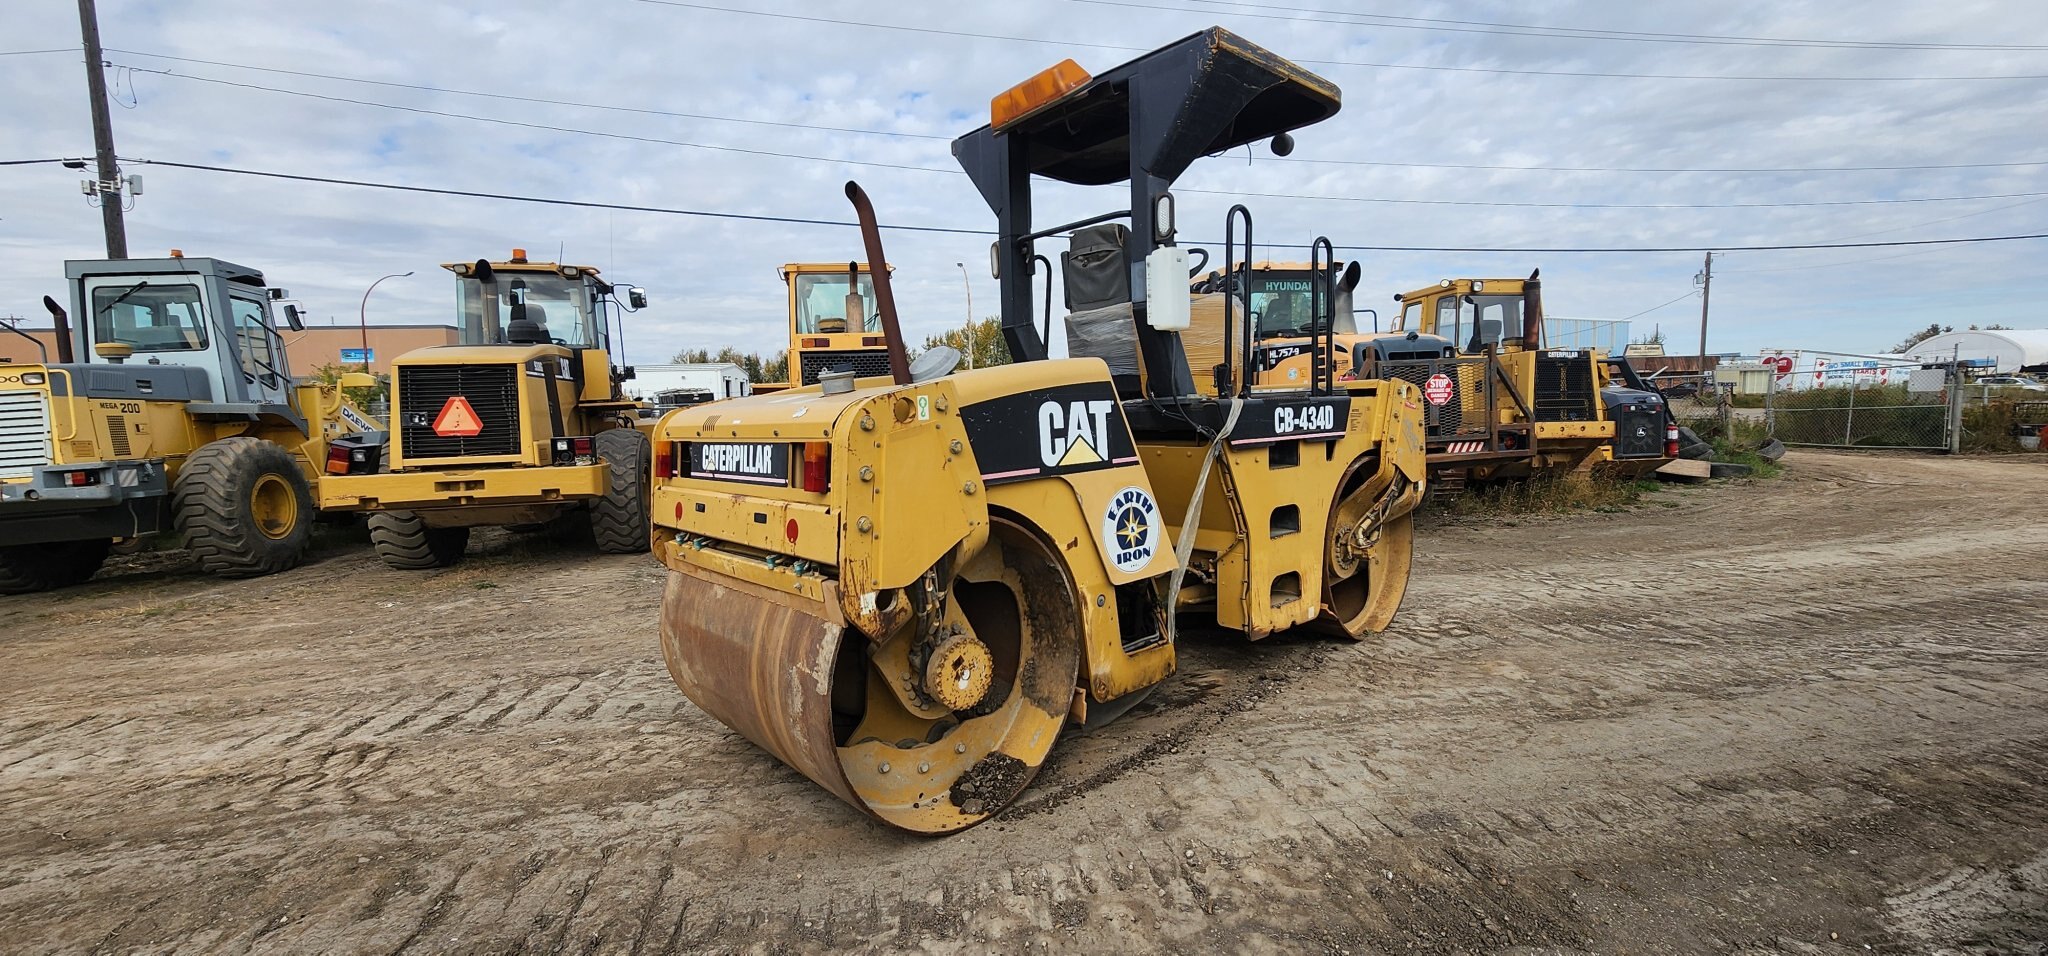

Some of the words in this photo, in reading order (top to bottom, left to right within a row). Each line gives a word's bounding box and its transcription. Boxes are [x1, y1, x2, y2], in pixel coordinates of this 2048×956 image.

[1265, 281, 1312, 291] HYUNDAI
[1269, 347, 1300, 359] HL757-9
[1547, 351, 1579, 359] CATERPILLAR
[1862, 360, 1879, 368] MEN
[1430, 378, 1449, 388] STOP
[99, 402, 119, 410] MEGA
[119, 403, 140, 414] 200
[1274, 405, 1334, 434] CB-434D
[1038, 400, 1112, 467] CAT
[702, 444, 772, 474] CATERPILLAR
[1107, 490, 1154, 522] EARTH
[1116, 546, 1151, 565] IRON
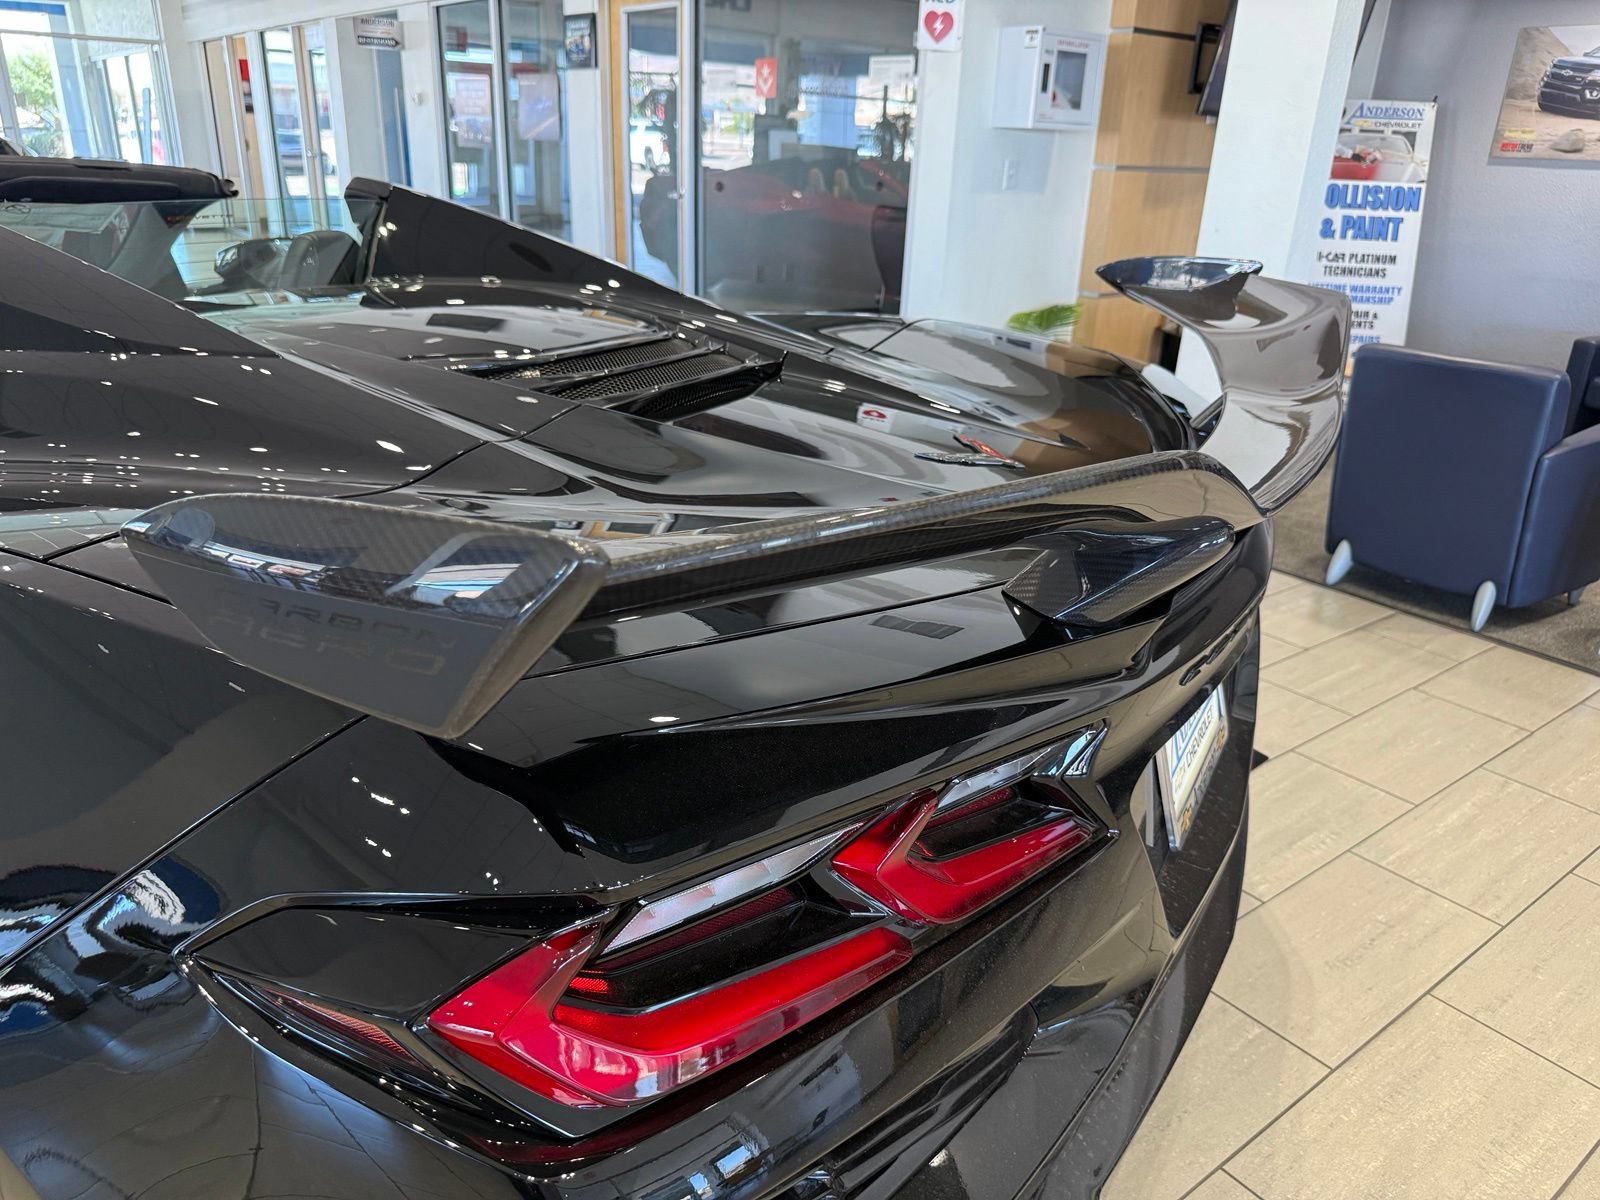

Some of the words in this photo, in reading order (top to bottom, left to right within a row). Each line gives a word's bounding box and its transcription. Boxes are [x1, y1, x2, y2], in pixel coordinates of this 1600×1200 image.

[1345, 102, 1424, 125] ANDERSON
[1374, 121, 1422, 129] CHEVROLET
[1324, 183, 1422, 212] OLLISION
[1319, 217, 1335, 239] &
[1339, 215, 1404, 242] PAINT
[1348, 253, 1397, 265] PLATINUM
[1323, 265, 1387, 278] TECHNICIANS
[1349, 285, 1402, 296] WARRANTY
[1350, 295, 1394, 305] MANSHIP

# # # # # # #

--- ACTIVITY ---
Reproduce the data word for word, excluding its pictures.

--- ANSWER TO THIS TASK ---
Some of the words in this photo, in reading order (top to bottom, left to right within a row). Each line gives a word's bounding box and its transcription. Boxes are [x1, y1, x2, y2], in pixel coordinates of this 2048×956 image.

[1265, 281, 1312, 291] HYUNDAI
[1269, 347, 1300, 359] HL757-9
[1547, 351, 1579, 359] CATERPILLAR
[1862, 360, 1879, 368] MEN
[1430, 378, 1449, 388] STOP
[99, 402, 119, 410] MEGA
[119, 403, 140, 414] 200
[1274, 405, 1334, 434] CB-434D
[1038, 400, 1112, 467] CAT
[702, 444, 772, 474] CATERPILLAR
[1107, 490, 1154, 522] EARTH
[1116, 546, 1151, 565] IRON

Some of the words in this photo, in reading order (top to bottom, left to right within a row). Each line gives a word's bounding box and its transcription. Boxes are [x1, y1, x2, y2], in pixel coordinates of this 1600×1200 image.

[1345, 102, 1424, 125] ANDERSON
[1374, 121, 1422, 129] CHEVROLET
[1324, 183, 1422, 212] OLLISION
[1319, 217, 1335, 239] &
[1339, 215, 1404, 242] PAINT
[1348, 253, 1397, 265] PLATINUM
[1323, 265, 1387, 278] TECHNICIANS
[1349, 285, 1402, 296] WARRANTY
[1350, 295, 1394, 305] MANSHIP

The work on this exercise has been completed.